◆ **SUPPLIED MATERIAL**
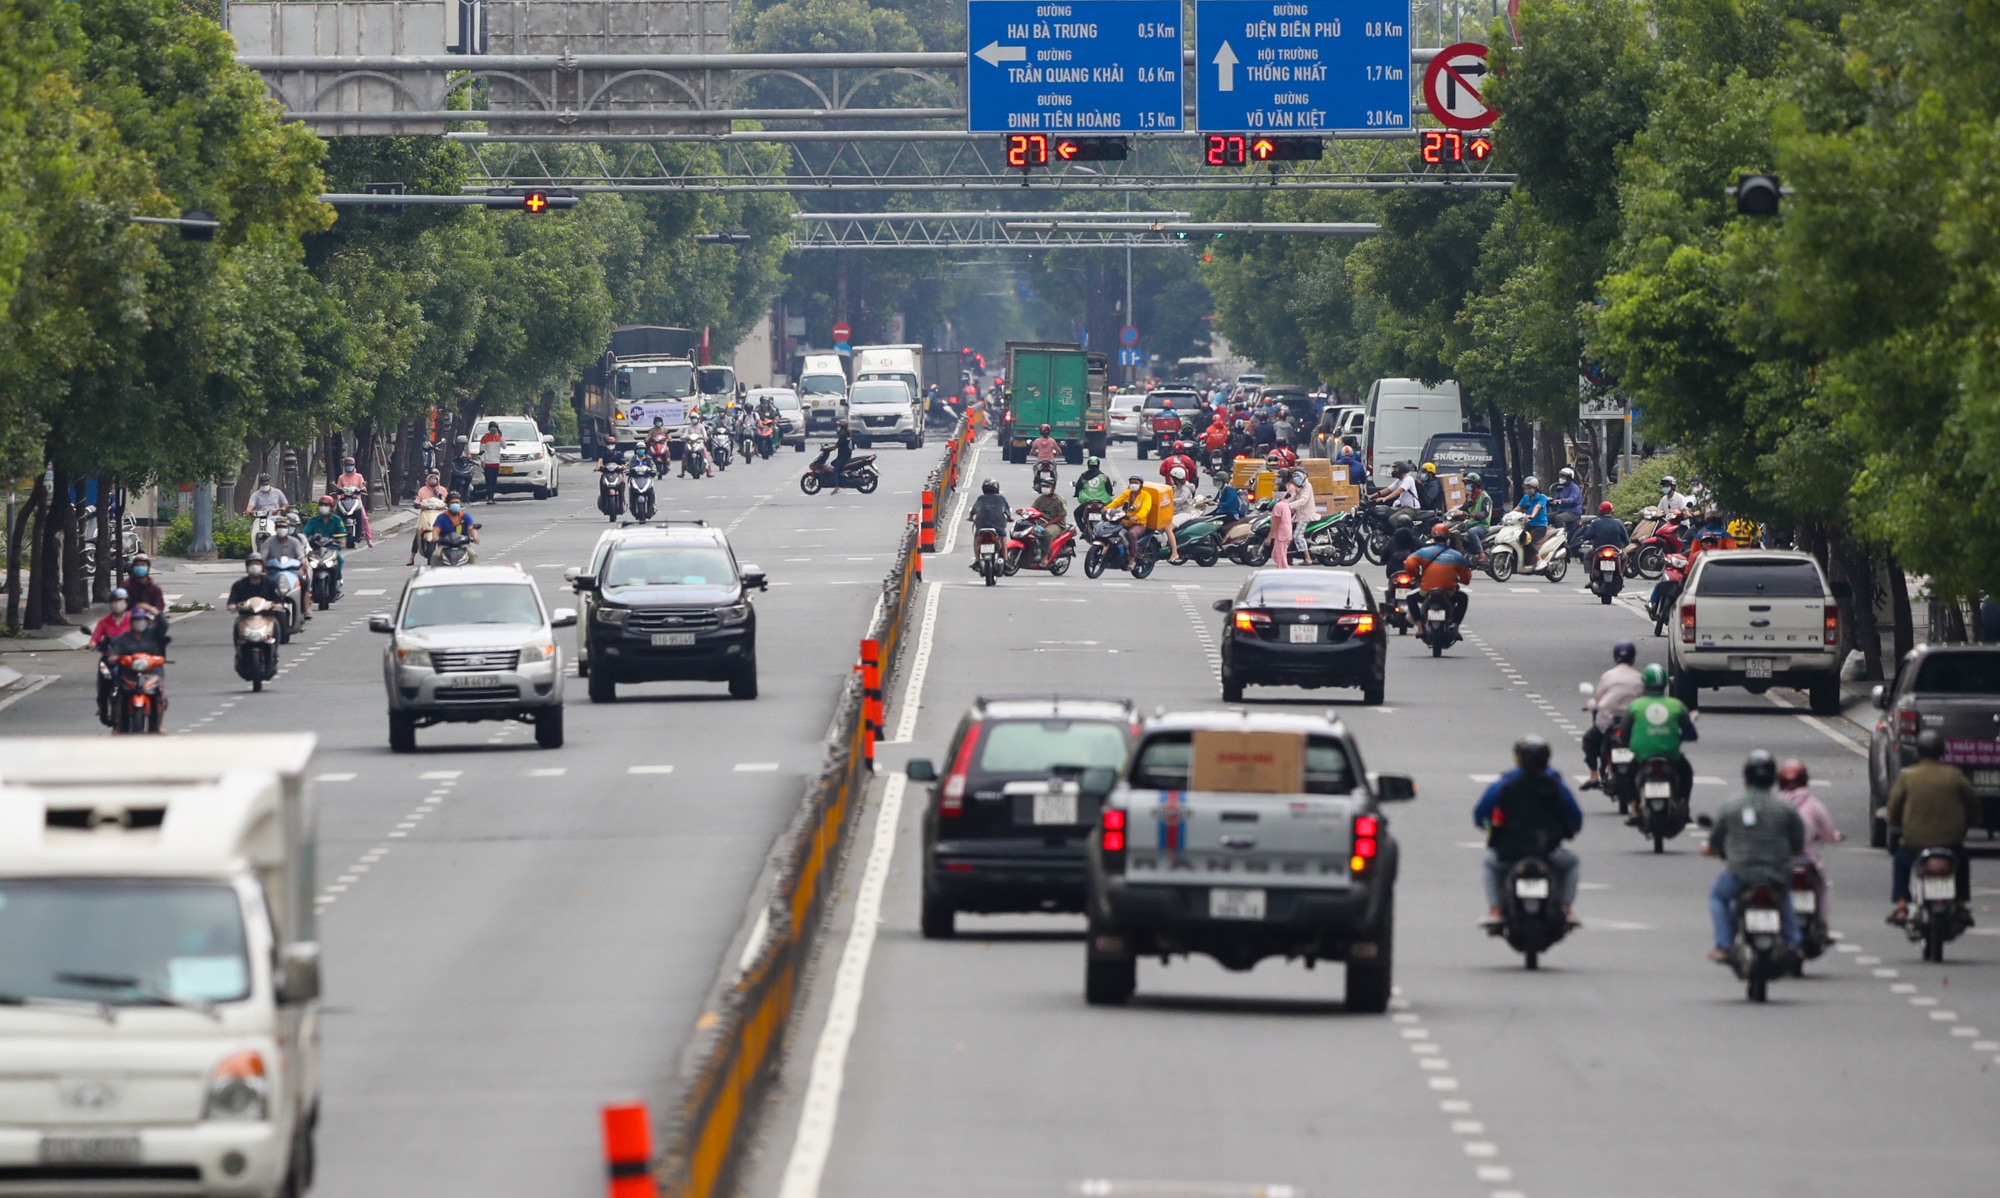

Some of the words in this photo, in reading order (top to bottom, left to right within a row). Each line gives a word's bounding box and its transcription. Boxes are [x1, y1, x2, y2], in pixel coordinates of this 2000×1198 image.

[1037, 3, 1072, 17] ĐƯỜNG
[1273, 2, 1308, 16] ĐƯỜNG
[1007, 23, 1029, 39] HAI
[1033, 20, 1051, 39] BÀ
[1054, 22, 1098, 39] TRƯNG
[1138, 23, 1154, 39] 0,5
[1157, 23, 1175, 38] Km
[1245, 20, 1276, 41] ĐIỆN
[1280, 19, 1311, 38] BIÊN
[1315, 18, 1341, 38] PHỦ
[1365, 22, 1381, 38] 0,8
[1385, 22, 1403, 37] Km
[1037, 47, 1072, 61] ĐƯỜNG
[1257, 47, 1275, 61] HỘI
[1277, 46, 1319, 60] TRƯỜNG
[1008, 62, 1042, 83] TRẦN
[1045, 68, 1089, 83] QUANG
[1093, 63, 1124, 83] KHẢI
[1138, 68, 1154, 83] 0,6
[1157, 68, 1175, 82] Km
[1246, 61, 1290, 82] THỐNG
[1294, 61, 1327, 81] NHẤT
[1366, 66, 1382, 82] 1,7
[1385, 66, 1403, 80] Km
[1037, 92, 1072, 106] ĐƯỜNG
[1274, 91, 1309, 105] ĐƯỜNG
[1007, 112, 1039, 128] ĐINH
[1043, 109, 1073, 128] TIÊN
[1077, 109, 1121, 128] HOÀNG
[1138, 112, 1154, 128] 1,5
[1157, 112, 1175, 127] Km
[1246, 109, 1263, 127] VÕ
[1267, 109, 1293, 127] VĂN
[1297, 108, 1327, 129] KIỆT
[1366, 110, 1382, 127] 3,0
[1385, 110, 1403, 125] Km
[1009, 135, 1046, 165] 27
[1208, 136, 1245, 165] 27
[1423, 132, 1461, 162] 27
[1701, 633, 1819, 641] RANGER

◆ **WHAT TO PRODUCE**
Look through the entries for lines containing the word "ĐƯỜNG" and return each one.

◆ **TASK RESPONSE**
[1037, 3, 1072, 17] ĐƯỜNG
[1273, 2, 1308, 16] ĐƯỜNG
[1037, 47, 1072, 61] ĐƯỜNG
[1037, 92, 1072, 106] ĐƯỜNG
[1274, 91, 1309, 105] ĐƯỜNG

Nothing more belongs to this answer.